Abstract

INTRODUCTION: Macrosomia is associated with adverse perinatal outcomes and has implications for mode of delivery. Research increasingly supports the use of fetal abdominal circumference (AC) as an additional measure to capture large for gestational age (LGA) infants. We evaluated the predictive value of sonographic fetal abdominal circumference (AC) measurement from 25-36 weeks' gestation for detection of LGA infants. METHODS: Retrospective chart review following IRB approval. LGA was defined as a newborn birth weight >90th percentile on the Fenton Growth Curve.
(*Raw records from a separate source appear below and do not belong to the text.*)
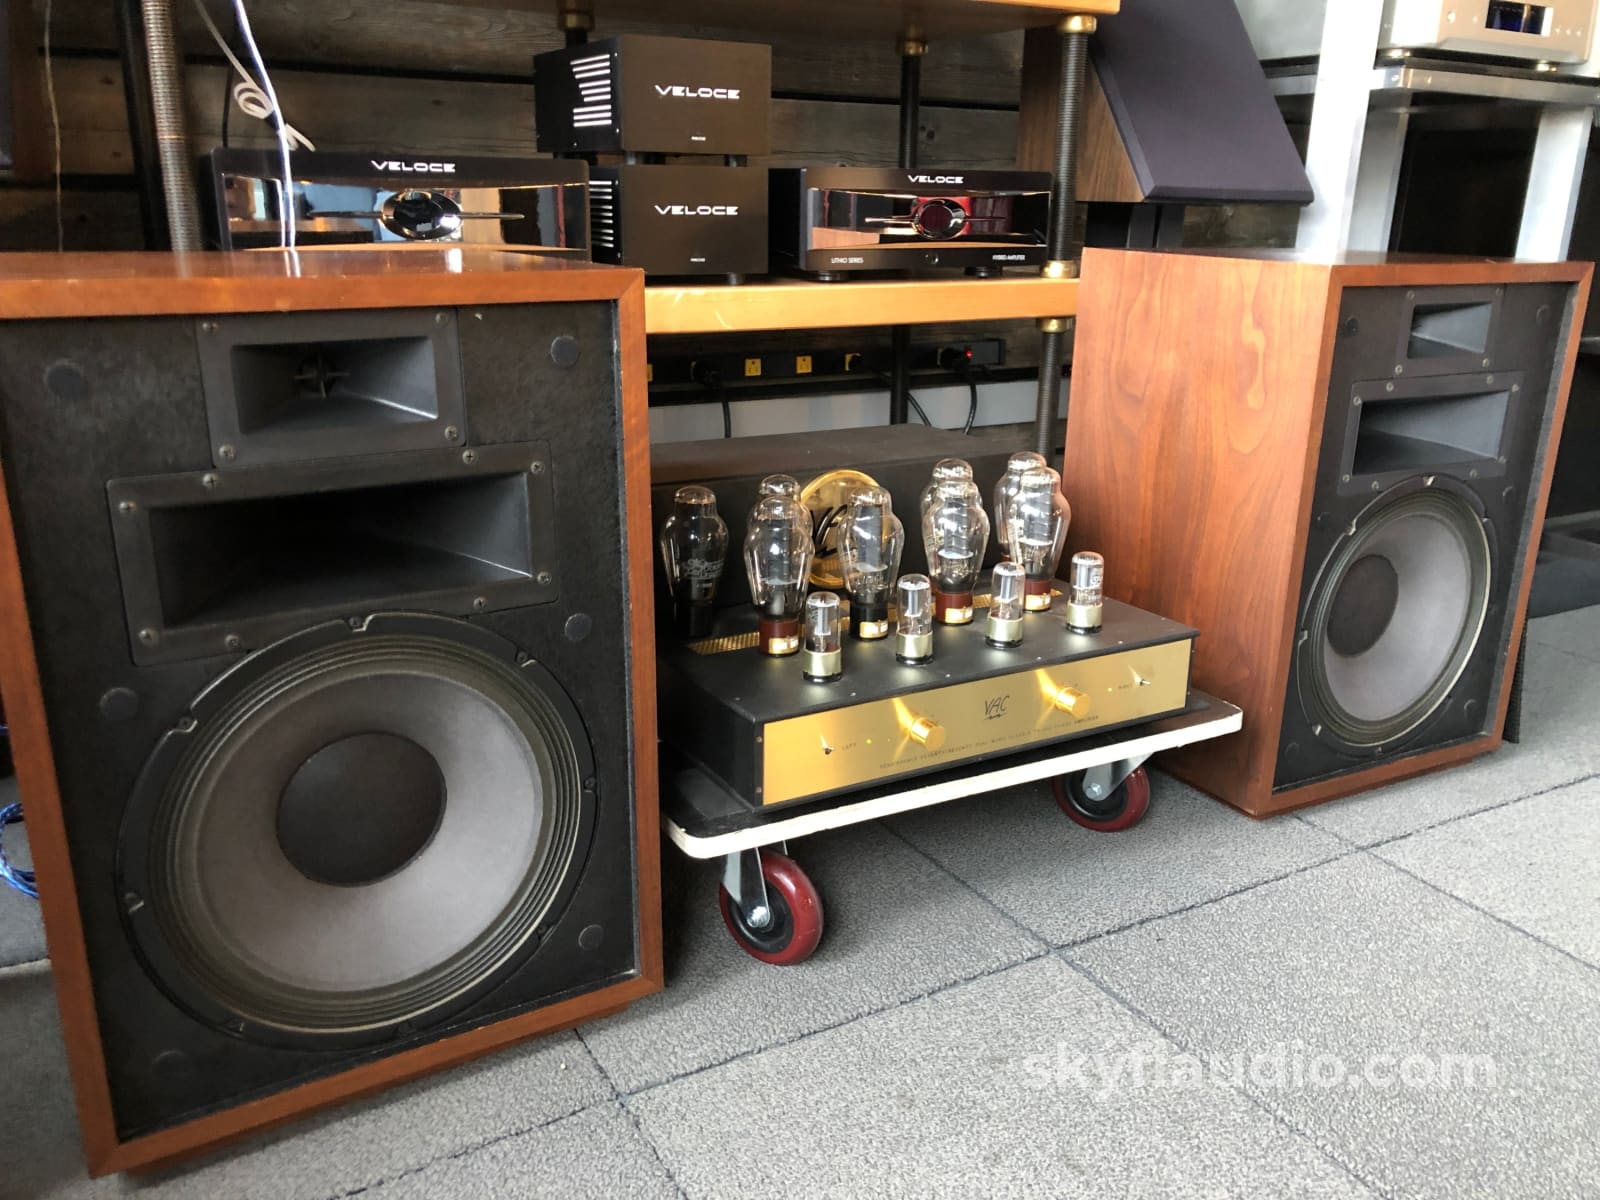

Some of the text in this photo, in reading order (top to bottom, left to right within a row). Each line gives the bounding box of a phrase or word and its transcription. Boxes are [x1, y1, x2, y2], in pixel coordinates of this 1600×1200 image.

[654, 84, 741, 101] VELOCE
[371, 159, 456, 173] VELOCE
[907, 174, 965, 185] VELOCE
[654, 204, 739, 217] VELOCE
[984, 695, 1010, 718] VAC
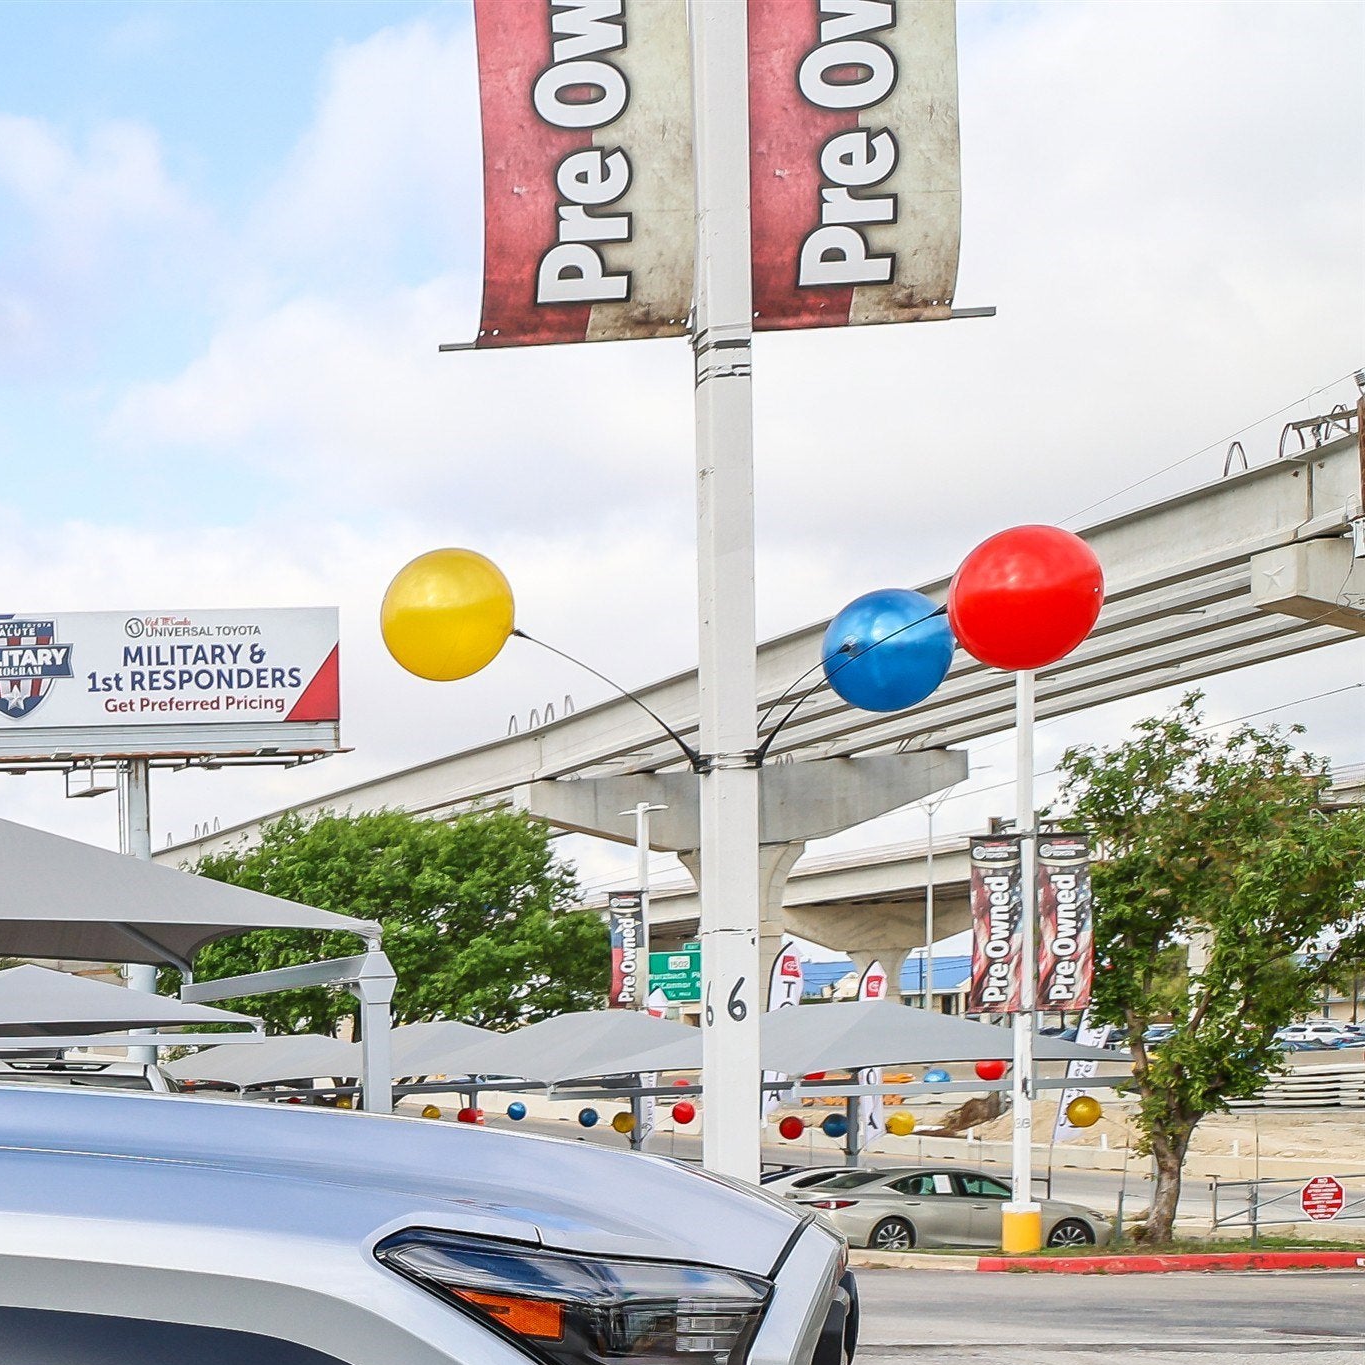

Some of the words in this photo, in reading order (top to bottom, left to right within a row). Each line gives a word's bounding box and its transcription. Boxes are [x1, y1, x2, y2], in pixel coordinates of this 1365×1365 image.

[535, 146, 632, 305] Pre
[797, 126, 899, 288] Pre
[145, 626, 214, 637] UNIVERSAL
[215, 625, 262, 636] TOYOTA
[122, 643, 243, 667] MILITARY
[249, 643, 267, 664] &
[87, 671, 123, 692] 1st
[130, 667, 302, 691] RESPONDERS
[104, 698, 136, 713] Get
[140, 696, 220, 712] Preferred
[225, 695, 285, 713] Pricing
[983, 875, 1011, 959] Owned
[1050, 874, 1077, 957] Owned
[618, 917, 637, 974] Owned
[617, 974, 636, 1002] Pre
[727, 976, 747, 1022] 6
[982, 961, 1009, 1003] Pre
[1048, 959, 1076, 1000] Pre
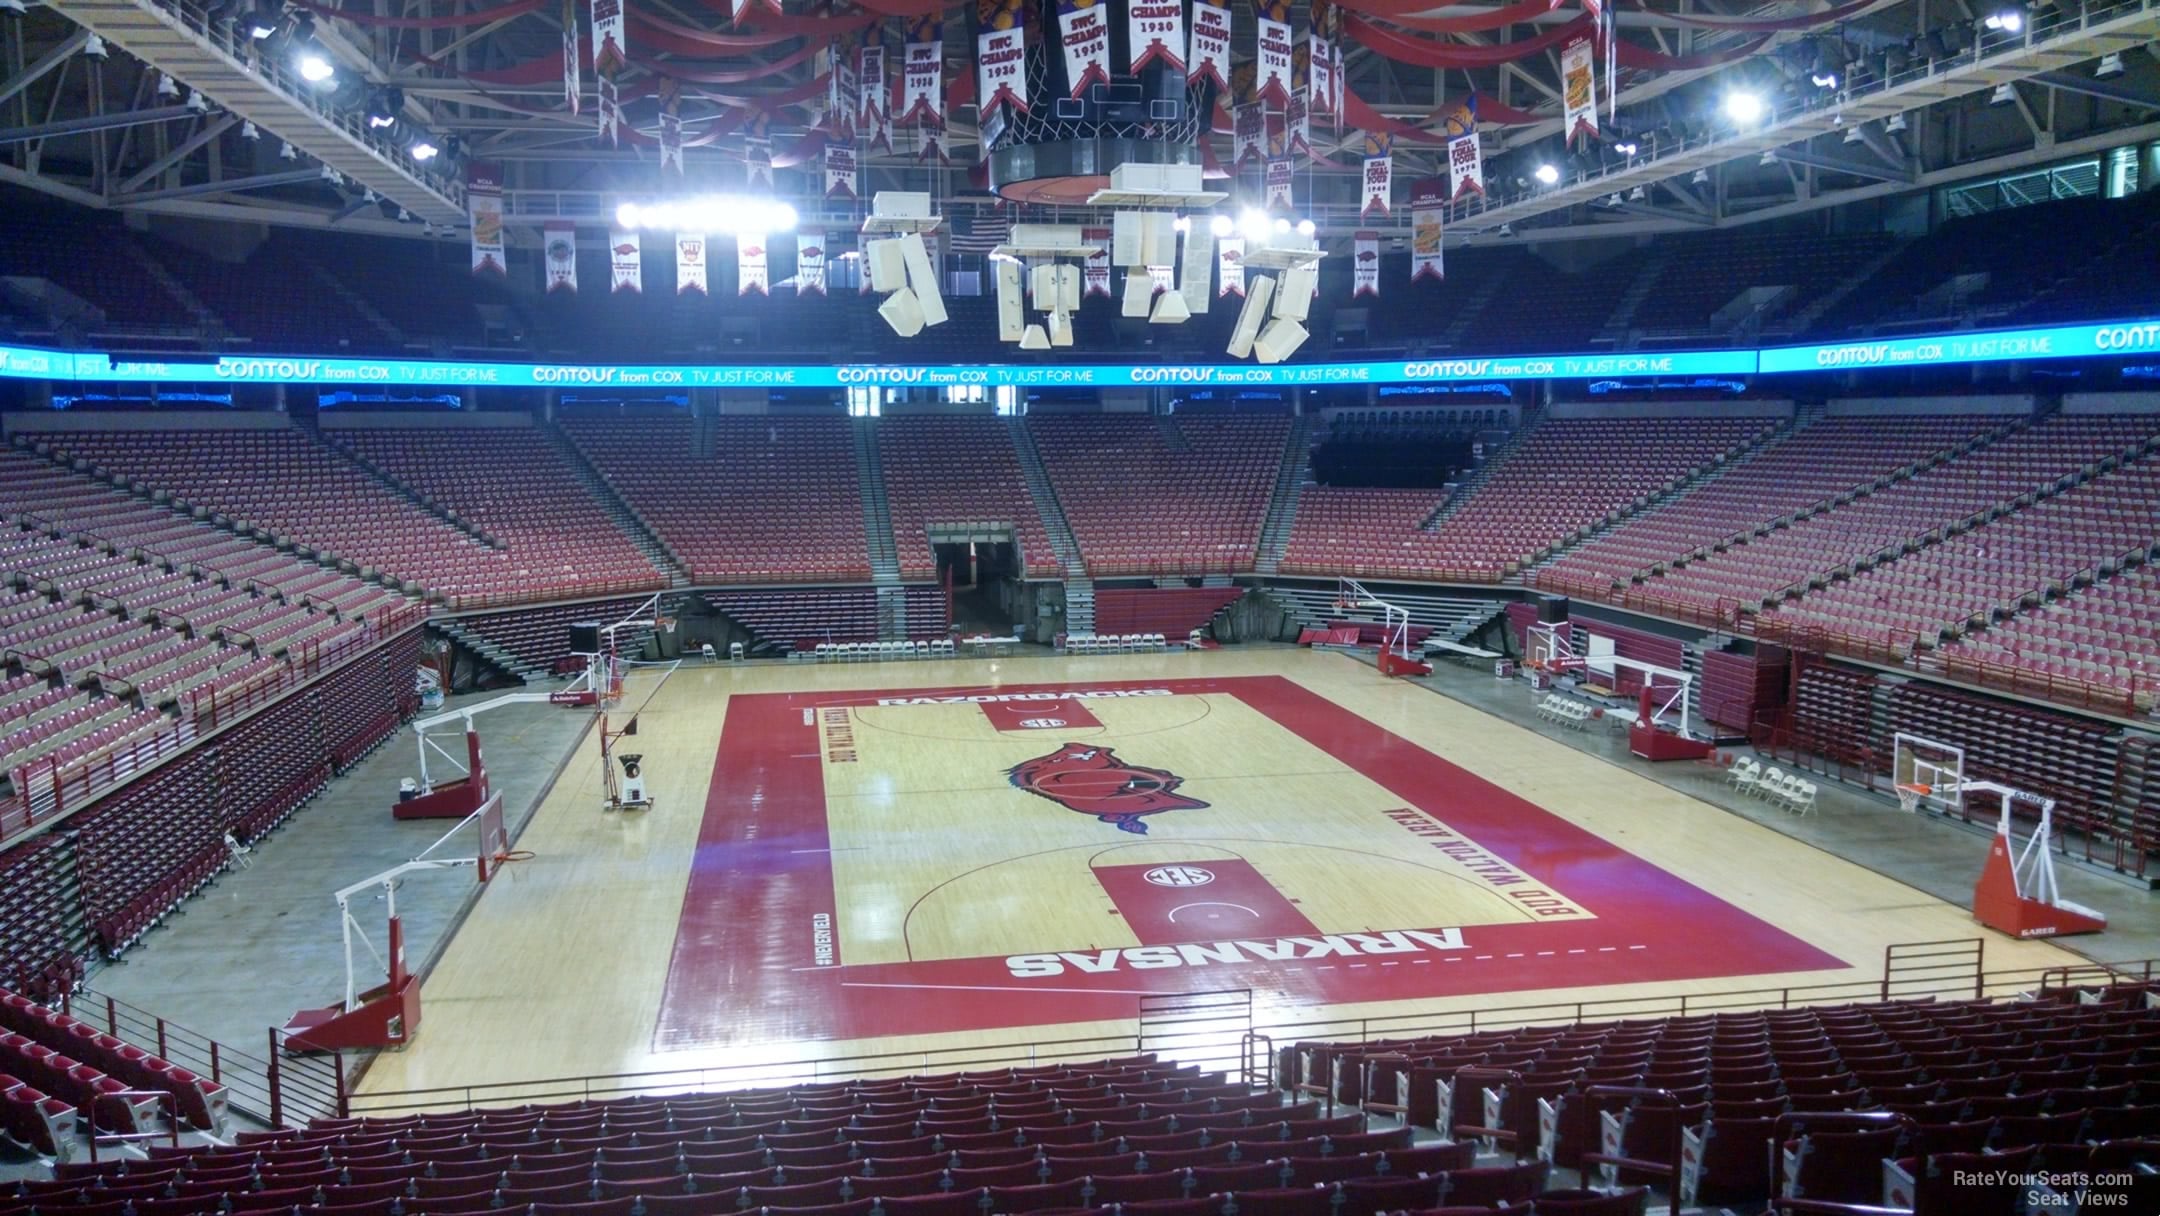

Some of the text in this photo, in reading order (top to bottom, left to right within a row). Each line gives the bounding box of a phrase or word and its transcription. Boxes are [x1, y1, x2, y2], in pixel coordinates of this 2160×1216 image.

[1131, 5, 1181, 19] CHAMPS
[1200, 10, 1222, 26] SWC
[1071, 12, 1096, 31] SWC
[1140, 21, 1174, 33] 1930
[1193, 22, 1229, 42] CHAMPS
[988, 36, 1012, 51] SWC
[1197, 38, 1223, 54] 1929
[980, 48, 1023, 66] CHAMPS
[1890, 347, 1914, 362] from
[1916, 344, 1943, 361] COX
[1951, 342, 1967, 358] TV
[1968, 340, 1998, 357] JUST
[2001, 339, 2029, 355] FOR
[2031, 337, 2051, 353] ME
[324, 366, 355, 379] from
[358, 365, 391, 380] COX
[400, 366, 416, 380] TV
[418, 367, 448, 380] JUST
[451, 367, 477, 381] FOR
[479, 368, 498, 381] ME
[1217, 371, 1243, 382] from
[1246, 370, 1273, 381] COX
[1281, 370, 1296, 380] TV
[1298, 369, 1323, 380] JUST
[1326, 368, 1350, 380] FOR
[1352, 368, 1369, 379] ME
[1493, 363, 1521, 376] from
[1524, 362, 1555, 375] COX
[1564, 361, 1581, 373] TV
[1584, 360, 1615, 373] JUST
[1619, 359, 1648, 372] FOR
[1651, 358, 1673, 371] ME
[620, 371, 649, 383] from
[653, 371, 683, 382] COX
[692, 371, 709, 382] TV
[712, 371, 742, 383] JUST
[745, 371, 772, 383] FOR
[775, 371, 796, 383] ME
[930, 371, 957, 383] from
[959, 370, 988, 382] COX
[997, 370, 1012, 382] TV
[1015, 370, 1044, 382] JUST
[1047, 370, 1072, 382] FOR
[1075, 370, 1093, 382] ME
[878, 689, 1173, 706] RAZORBACKS
[1381, 807, 1580, 917] BUD WALTON ARENA
[1146, 866, 1212, 886] SEC
[813, 913, 833, 966] #NEVERYIELD
[1006, 927, 1472, 979] ARKANSAS
Sensitivity, specificity, positive predictive value (PPV), and negative predictive value (NPV) at various gestational age ranges (25-28, 29-32 and 33-36 weeks' gestation) for a Z-score >+1.88, corresponding to the 97th percentile, were calculated. Area under receiver operating characteristic curve (AUROCC) of AC Z-scores ranging from -3.00 to +3.00 was calculated. RESULTS: Ultrasounds of 4801 women with 5799 pregnancies were reviewed. Our study population had an LGA infant prevalence of 5.8%. An AC Z-score of +1.88 had a maximal sensitivity of 34.3%, specificity of 98.2%, and NPV of 96.2% for detecting LGA births at 29-32 weeks' gestation. The AUROCC at this time point was 0.88. CONCLUSION: Fetal AC <97th percentile in the third trimester has a very high specificity and negative predictive value in ruling out LGA newborns. These measures indicate that this modality can identify pregnancies that are not at high risk for fetal macrosomia and would not benefit from unnecessary cesarean delivery. High AUROCC demonstrates independent predictive potential of AC and supports its adjunct use with more traditional measurements.